While I have stability in the sense that I have a roof over my head, clean water, and food, everything else in my life feels unstable. It’s the dance that all twenty-somethings that graduate from college have to do, and I feel like if someone were to rate my performance thus far, it’d be a lackluster rating.
The lack of a schedule, while everyone else is busy with school and/or work, is really getting to me now that my sister went back to school. For the first time since I was born, I’m living at home with only my parents around. It’s kind of weird honestly…so I’ve been spending a lot of time in my room.
There have been perks with that though because I’ve finally been making progress with my room. My mom bought me some new furniture to store items in and my room feels so much more peaceful. I have to tidy up my floor now and then do some more minor organizing, but I plan to get the biggest stuff finished this week. I will share pictures soon.
Aside from cleaning my room, I’ve also been reading daily before I go to sleep instead of wasting time on social media. I have finished three books I had half-read: The Period Repair Manual by Lara Briden, The Untethered Soul by Michael Singer, and The Handmaid’s Tale by Margaret Atwood. I plan to finish Don Quixote next, although it may take more time considering how large the book is.
The only tasks on my schedule lately are job interviews, which is super stressful. All of my interviews have been phone interviews so I don’t have to go anywhere and I also haven’t been getting dressed for the day because I spend so much of my time at home. My interviews seem to be going well for the most part. I did have a terrible interview experience though…perhaps I’ll talk more about that in a different post.
I know I have said this before, but maybe it really is time to look for part-time work? At this point, based off of my interviews, I won’t be working until October 1st at the earliest, but that’s assuming I get second-interviews and then a job offer before then. If that doesn’t happen, I may end up not working until December, January, or even later. Ideally, I’d like my part-time work to be yoga related…but considering how volatile my self-esteem is these days, it’s so hard to put myself out there face-to-face with someone. My girlfriend recommended I put teaching yoga on the back-burner for now because when the time is right for me to teach, I will be able to teach. I do have a yoga audition today though…but yeah maybe I’ll hold off on it for a while.
It feels like I’m just “holding off” on everything. I’m postponing taking the GRE, applying to grad schools, and thus, attending grad school. I am also postponing getting a yoga job and it seems like the universe has decided for me that I am postponing working full-time for at least another month.
People don’t talk truthfully enough about the frustration, depression, and self-doubt that comes with graduating from college and then trying to get a job. I feel like people only talk about those feelings in hindsight once they get a job, so their perspective on the situation is different at that point. They see their challenges through rose-colored glasses because they had overcome the job-hunting challenge.
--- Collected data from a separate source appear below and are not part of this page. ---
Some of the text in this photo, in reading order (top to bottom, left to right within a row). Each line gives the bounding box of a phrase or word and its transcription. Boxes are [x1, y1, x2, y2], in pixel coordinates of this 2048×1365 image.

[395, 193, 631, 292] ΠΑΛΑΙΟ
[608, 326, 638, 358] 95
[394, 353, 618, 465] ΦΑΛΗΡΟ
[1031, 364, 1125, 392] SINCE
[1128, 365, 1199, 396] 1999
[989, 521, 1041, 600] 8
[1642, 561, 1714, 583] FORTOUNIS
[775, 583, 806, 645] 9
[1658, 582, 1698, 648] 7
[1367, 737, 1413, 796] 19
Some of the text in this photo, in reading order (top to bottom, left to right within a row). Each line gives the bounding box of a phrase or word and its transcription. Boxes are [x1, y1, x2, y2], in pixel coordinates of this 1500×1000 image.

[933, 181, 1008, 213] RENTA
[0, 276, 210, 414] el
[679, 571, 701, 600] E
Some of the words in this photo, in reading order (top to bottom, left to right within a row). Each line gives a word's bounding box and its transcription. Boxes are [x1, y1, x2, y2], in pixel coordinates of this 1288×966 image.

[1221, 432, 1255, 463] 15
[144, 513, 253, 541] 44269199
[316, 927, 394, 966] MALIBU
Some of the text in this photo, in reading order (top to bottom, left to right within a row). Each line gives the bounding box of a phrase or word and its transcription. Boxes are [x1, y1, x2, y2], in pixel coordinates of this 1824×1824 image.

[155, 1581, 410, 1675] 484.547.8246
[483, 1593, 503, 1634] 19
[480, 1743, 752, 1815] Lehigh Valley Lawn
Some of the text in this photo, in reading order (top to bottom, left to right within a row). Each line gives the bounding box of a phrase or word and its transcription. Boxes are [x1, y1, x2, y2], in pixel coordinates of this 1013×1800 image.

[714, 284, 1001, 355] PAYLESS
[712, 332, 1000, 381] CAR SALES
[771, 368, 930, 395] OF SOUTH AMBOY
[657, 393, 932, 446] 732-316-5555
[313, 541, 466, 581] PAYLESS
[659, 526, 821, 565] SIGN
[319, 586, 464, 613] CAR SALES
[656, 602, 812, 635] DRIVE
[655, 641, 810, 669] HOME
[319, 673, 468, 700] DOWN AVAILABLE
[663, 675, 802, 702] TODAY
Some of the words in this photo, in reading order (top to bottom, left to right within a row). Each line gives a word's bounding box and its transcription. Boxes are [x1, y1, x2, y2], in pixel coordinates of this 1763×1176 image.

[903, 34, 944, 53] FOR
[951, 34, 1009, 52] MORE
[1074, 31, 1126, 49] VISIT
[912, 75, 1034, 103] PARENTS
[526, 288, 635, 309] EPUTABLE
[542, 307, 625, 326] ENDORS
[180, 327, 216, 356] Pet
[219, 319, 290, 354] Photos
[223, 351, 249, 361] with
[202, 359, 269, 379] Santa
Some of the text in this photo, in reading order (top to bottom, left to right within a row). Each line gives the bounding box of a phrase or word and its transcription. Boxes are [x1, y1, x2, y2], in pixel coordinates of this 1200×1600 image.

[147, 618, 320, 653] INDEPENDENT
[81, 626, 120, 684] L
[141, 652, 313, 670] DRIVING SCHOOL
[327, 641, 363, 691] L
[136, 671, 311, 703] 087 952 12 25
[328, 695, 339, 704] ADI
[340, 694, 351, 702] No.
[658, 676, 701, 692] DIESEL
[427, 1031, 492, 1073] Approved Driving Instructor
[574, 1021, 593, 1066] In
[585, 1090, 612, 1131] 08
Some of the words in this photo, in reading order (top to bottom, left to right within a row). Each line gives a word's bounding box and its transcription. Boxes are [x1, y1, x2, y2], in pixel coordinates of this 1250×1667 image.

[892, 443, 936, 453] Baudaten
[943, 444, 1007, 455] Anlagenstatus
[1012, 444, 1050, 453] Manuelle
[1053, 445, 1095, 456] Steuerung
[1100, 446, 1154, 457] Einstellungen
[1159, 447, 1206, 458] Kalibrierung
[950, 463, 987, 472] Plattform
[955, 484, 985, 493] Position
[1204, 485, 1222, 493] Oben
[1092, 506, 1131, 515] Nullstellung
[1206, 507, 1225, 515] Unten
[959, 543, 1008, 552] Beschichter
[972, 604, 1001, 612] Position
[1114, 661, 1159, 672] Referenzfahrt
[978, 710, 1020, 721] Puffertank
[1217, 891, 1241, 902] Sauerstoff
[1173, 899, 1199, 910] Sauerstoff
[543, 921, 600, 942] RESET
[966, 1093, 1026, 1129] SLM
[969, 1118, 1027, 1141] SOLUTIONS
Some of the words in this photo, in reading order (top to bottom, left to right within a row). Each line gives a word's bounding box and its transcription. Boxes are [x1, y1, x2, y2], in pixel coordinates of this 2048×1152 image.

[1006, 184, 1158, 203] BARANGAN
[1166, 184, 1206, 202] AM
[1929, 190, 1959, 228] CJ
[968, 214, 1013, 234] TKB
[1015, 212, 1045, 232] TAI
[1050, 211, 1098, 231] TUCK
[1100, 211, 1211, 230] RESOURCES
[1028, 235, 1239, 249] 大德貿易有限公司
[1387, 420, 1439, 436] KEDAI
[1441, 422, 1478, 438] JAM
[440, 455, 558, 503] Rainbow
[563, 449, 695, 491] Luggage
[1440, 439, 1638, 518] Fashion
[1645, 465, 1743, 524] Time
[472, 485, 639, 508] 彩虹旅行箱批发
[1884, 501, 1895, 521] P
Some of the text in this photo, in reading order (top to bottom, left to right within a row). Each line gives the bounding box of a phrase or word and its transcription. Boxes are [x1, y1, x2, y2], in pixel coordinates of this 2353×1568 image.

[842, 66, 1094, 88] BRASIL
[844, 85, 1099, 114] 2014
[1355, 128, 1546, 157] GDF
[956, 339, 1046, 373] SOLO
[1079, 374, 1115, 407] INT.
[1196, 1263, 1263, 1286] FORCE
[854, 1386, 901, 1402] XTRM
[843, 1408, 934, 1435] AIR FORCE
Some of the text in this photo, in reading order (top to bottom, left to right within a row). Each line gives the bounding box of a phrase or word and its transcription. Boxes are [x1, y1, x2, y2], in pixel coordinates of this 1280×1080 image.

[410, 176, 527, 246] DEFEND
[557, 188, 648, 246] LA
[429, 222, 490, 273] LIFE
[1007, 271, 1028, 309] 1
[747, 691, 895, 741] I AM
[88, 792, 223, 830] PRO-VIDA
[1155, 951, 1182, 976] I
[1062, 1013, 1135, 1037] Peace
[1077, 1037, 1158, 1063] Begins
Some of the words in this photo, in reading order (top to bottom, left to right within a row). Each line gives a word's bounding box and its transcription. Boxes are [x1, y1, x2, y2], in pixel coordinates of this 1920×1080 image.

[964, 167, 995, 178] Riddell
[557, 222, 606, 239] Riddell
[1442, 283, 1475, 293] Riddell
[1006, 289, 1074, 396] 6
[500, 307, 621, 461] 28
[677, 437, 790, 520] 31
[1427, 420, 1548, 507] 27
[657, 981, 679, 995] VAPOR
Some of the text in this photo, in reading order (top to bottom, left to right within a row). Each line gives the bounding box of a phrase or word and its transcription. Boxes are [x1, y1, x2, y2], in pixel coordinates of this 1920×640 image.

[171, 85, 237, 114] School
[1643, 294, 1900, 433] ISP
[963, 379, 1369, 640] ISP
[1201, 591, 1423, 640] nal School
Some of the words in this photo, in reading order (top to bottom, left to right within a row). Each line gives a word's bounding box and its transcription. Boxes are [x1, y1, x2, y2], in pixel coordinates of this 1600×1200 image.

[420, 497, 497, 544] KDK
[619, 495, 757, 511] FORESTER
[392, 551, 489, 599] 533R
Well let me be honest: post-grad life is grueling.
College is super stressful, but this is a whole different type of stress because you will be on your own and you will be trying to be an “adult.” Plus you will get asked by everyone you interact with the dreaded “so what are you doing now that you graduated?” and as the months go by and if you still don’t have an answer, you will seem and you will feel more pathetic. All you will do is worry because you won’t want to dread that question, you will want to answer it and you will want to be excited about your answer, but you will have no idea what/when/how you will have the answer.
Every job application you send out will feel desperate and you will just hope that the employers can’t tell. You will feign enthusiasm in every interview you manage to get, but the second you leave you will be overcome with negativity and self-doubt. Every rejection you get will feel personal, because it kind of is, and you will doubt every decision you’ve ever made in college ie maybe you should have studied something else, maybe you’re not an ideal candidate for any job because of XYZ.
It will feel like everyone is judging you, especially your parents/guardians, especially if you live with them because everyone is judging you. “Judging” is essentially what employers do. No one will judge you as much as you judge yourself though.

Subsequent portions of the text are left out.